La multitud ya se había dispersado en respuesta a la orden del policía. Solo quedaba un hombre y me miraba como si quisiese devorarme. Era alto, con unos músculos tan abultados que amenazaban con reventar las costuras de su uniforme verde. Llevaba el pelo recogido en forma de pilar, que después se abría para caer sobre sus hombros, un estilo que nunca olvidaría.

El otomí no hizo ni dijo nada. Solo me sonrió, y aquello fue suficiente. El mensaje no podía ser más claro, aunque lo hubiese dicho en voz alta: «Espera y verás. Ya te cogeremos».

Perdiz temblaba tanto que era incapaz de desatar los nudos. Cada vez que Lirio le gritaba, sus manos se sacudían de tal manera que por un momento creí que acabaría estrangulándome. Finalmente, mi hermano lo hizo a un lado y, con una espada que pidió a uno de sus hombres, comenzó a cortar la cuerda con la hoja de obsidiana.

—Yaotl —murmuró—, aquello que te dije antes...

—Supongo que ya no lo lamentas —contesté, mientras me masajeaba el cuello.

—No lo sé. —Miró a Lirio, que nos devolvió una mirada cargada de ira—. ¡Creo que preferiría que me sacrificasen a tenerla a ella como ama! —Alzó la voz—: ¿Qué hacemos con estos dos?

—Déjalos marchar —respondió la mujer—. Yo no los necesito.

Los dos hombres, también atados al cepo, miraron con expresión hosca cómo cortaban sus ligaduras.

—Es mejor que os larguéis cuanto antes a Texcala, o a donde sea —les aconsejó León.
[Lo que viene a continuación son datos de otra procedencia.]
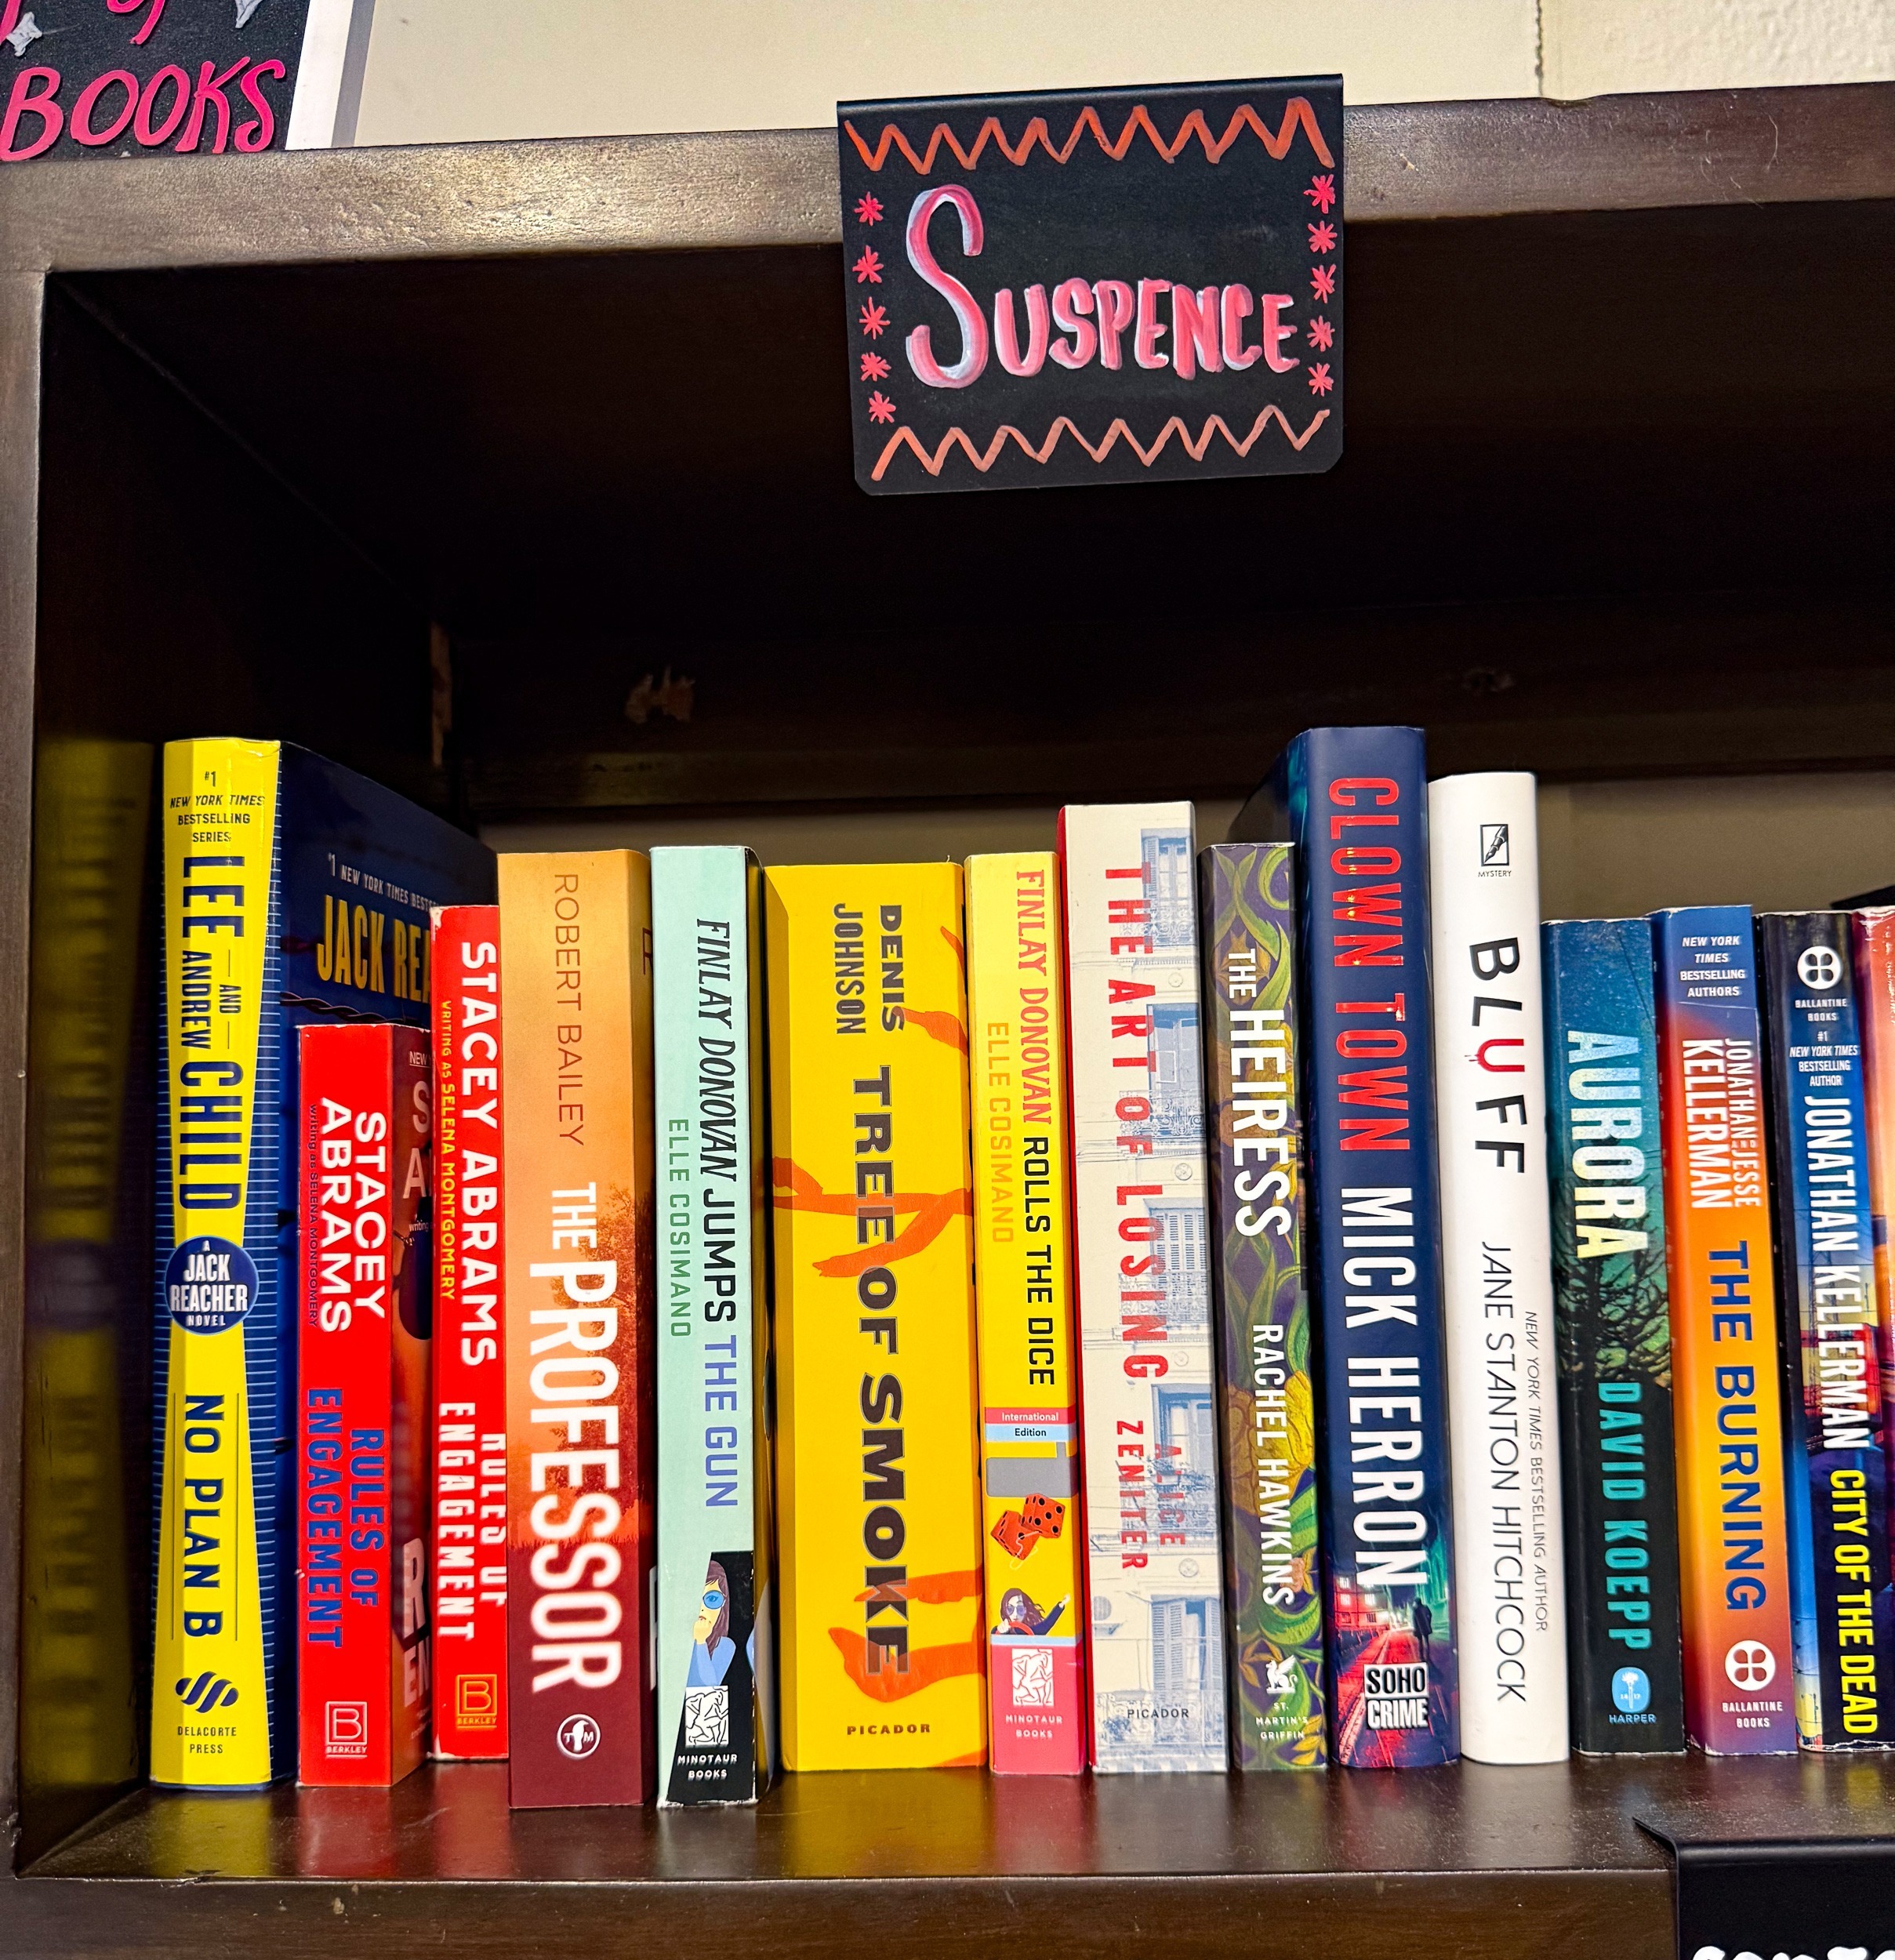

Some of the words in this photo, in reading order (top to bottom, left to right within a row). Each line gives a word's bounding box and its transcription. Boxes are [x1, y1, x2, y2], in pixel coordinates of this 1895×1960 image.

[0, 56, 285, 162] BOOKS
[906, 184, 1300, 389] SUSPENCE
[170, 797, 190, 808] NEW
[195, 796, 223, 806] YORK
[229, 795, 265, 806] TIMES
[205, 771, 216, 786] #1
[178, 813, 250, 826] BESTSELLING
[192, 831, 231, 843] SERIES
[183, 856, 245, 938] LEE
[329, 852, 336, 877] #1
[340, 865, 361, 886] NEW
[364, 873, 383, 895] YORK
[387, 883, 408, 903] TIMES
[1329, 778, 1403, 967] CLOWN
[554, 874, 581, 1011] ROBERT
[1016, 869, 1047, 976] FINLAY
[1105, 862, 1153, 955] THE
[1682, 937, 1708, 947] NEW
[1711, 935, 1741, 946] YORK
[316, 895, 385, 993] JACK
[697, 918, 732, 1029] FINLAY
[833, 902, 866, 1034] JOHNSON
[880, 905, 905, 1032] DENIS
[1228, 948, 1257, 999] THE
[1680, 970, 1746, 981] BESTSELLING
[1694, 953, 1730, 964] TIMES
[180, 950, 212, 1050] ANDREW
[220, 985, 241, 1014] AND
[1108, 979, 1156, 1072] ART
[1687, 986, 1741, 997] AUTHORS
[1795, 999, 1847, 1008] BALLANTINE
[1807, 1013, 1837, 1022] BOOKS
[409, 1051, 427, 1066] NEW
[441, 1000, 452, 1056] WRITING
[462, 942, 498, 1129] STACEY
[988, 1022, 1011, 1087] ELLE
[1019, 988, 1051, 1125] DONOVAN
[1469, 937, 1528, 1174] BLUFF
[1789, 1047, 1810, 1058] NEW
[1811, 1046, 1832, 1056] YORK
[1835, 1045, 1858, 1055] TIMES
[1817, 1031, 1828, 1041] #1
[441, 1062, 452, 1078] AS
[557, 1025, 584, 1146] BAILEY
[1335, 993, 1410, 1151] TOWN
[1725, 1038, 1759, 1139] JONATHAN
[1799, 1060, 1851, 1072] BESTSELLING
[1810, 1076, 1842, 1087] AUTHOR
[180, 1061, 244, 1210] CHILD
[308, 1105, 317, 1149] writing
[441, 1083, 455, 1152] SELENA
[699, 1036, 737, 1181] DONOVAN
[1115, 1098, 1153, 1156] OF
[1230, 1009, 1291, 1237] HEIRESS
[1682, 1039, 1733, 1208] KELLERMAN
[309, 1154, 316, 1169] as
[669, 1119, 689, 1181] ELLE
[853, 1065, 895, 1244] TREE
[989, 1098, 1014, 1243] COSIMANO
[1567, 1030, 1648, 1258] AURORA
[1731, 1140, 1756, 1149] AND
[1731, 1149, 1762, 1207] JESSE
[1804, 1096, 1858, 1252] JONATHAN
[310, 1172, 318, 1224] SELENA
[320, 1097, 351, 1332] ABRAMS
[354, 1112, 387, 1319] STACEY
[552, 1181, 597, 1250] THE
[1023, 1137, 1051, 1232] ROLLS
[202, 1240, 211, 1252] A
[441, 1163, 455, 1299] MONTGOMERY
[461, 1149, 497, 1366] ABRAMS
[670, 1194, 691, 1337] COSIMANO
[703, 1189, 736, 1323] JUMPS
[1341, 1187, 1418, 1330] MICK
[170, 1285, 248, 1312] REACHER
[183, 1254, 230, 1282] JACK
[308, 1228, 318, 1327] MONTGOMERY
[1026, 1244, 1052, 1304] THE
[1116, 1185, 1168, 1378] LOSING
[1482, 1241, 1514, 1319] JANE
[1708, 1240, 1752, 1342] THE
[187, 1315, 226, 1327] NOVEL
[857, 1265, 898, 1355] OF
[1525, 1311, 1538, 1350] NEW
[704, 1334, 737, 1411] THE
[1028, 1317, 1055, 1385] DICE
[1253, 1324, 1287, 1446] RACHEL
[1527, 1356, 1540, 1399] YORK
[1813, 1265, 1870, 1449] KELLERMAN
[184, 1394, 224, 1453] NO
[1001, 1412, 1059, 1422] International
[1015, 1428, 1047, 1437] Edition
[1485, 1333, 1519, 1490] STANTON
[1529, 1404, 1542, 1450] TIMES
[1598, 1382, 1646, 1501] DAVID
[350, 1428, 384, 1550] RULES
[529, 1260, 623, 1693] PROFESSOR
[705, 1426, 738, 1507] GUN
[1116, 1421, 1148, 1569] ZENITER
[1155, 1443, 1185, 1544] ALICE
[1347, 1356, 1428, 1585] HERRON
[1715, 1366, 1766, 1610] BURNING
[183, 1479, 223, 1588] PLAN
[308, 1388, 343, 1649] ENGAGEMENT
[438, 1403, 475, 1641] ENGAGEMENT
[859, 1372, 909, 1675] SMOKE
[1257, 1458, 1294, 1606] HAWKINS
[1530, 1457, 1546, 1558] BESTSELLING
[1830, 1469, 1869, 1537] CITY
[350, 1568, 379, 1607] OF
[1534, 1563, 1547, 1632] AUTHOR
[1603, 1520, 1652, 1650] KOEPP
[1835, 1544, 1870, 1583] OF
[184, 1611, 223, 1637] B
[1492, 1506, 1526, 1702] HITCHCOCK
[1837, 1589, 1874, 1646] THE
[1127, 1708, 1189, 1719] PICADOR
[1273, 1702, 1289, 1711] ST.
[1366, 1665, 1426, 1694] SOHO
[1367, 1699, 1428, 1728] CRIME
[1723, 1701, 1783, 1712] BALLANTINE
[1840, 1654, 1878, 1734] DEAD
[177, 1726, 237, 1737] DELACORTE
[189, 1743, 223, 1754] PRESS
[325, 1745, 367, 1755] BERKLEY
[847, 1723, 931, 1736] PICADOR
[1005, 1715, 1062, 1724] MINOTAUR
[1016, 1730, 1052, 1738] BOOKS
[1255, 1716, 1309, 1726] MARTIN'S
[1260, 1730, 1305, 1740] GRIFFIN
[1609, 1714, 1657, 1724] HARPER
[1737, 1718, 1770, 1728] BOOKS
[677, 1753, 738, 1764] MINOTAUR
[688, 1769, 728, 1779] BOOKS
No habían acabado de quitarles las ligaduras cuando el tipo del labio destrozado hizo algo muy curioso. Se sentó, se tapó el rostro con las manos y comenzó a llorar.

—¿Se puede saber qué le pasa?

El guerrero manco miró a mi hermano como si considerase la pregunta una estupidez.
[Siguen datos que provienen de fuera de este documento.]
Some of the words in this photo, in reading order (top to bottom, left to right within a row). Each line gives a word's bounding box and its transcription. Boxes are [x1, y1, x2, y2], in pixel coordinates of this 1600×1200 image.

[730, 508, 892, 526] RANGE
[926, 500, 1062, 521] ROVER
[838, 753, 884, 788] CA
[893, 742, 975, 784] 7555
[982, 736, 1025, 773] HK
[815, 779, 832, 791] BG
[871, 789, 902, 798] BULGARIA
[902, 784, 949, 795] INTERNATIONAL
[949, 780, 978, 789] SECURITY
—¿Tú qué crees? —se mofó—. ¡Quería ser sacrificado! Esperaba con ilusión una muerte digna y que su espíritu se uniese al Sol en el cielo cada mañana. ¿Qué crees que le espera en casa si regresa en ese estado?

León miró a uno y a otro, dio un paso hacia el guerrero lloroso y luego se pensó mejor lo que iba a decir.

—Puede que algún día nos crucemos en un campo de batalla —murmuró.

—¡No, si nosotros te vemos primero, azteca!

León se volvió hacia mí.

—¡Más vale que salgas de aquí antes de que el viejo Plumas Negras se entere de lo ocurrido!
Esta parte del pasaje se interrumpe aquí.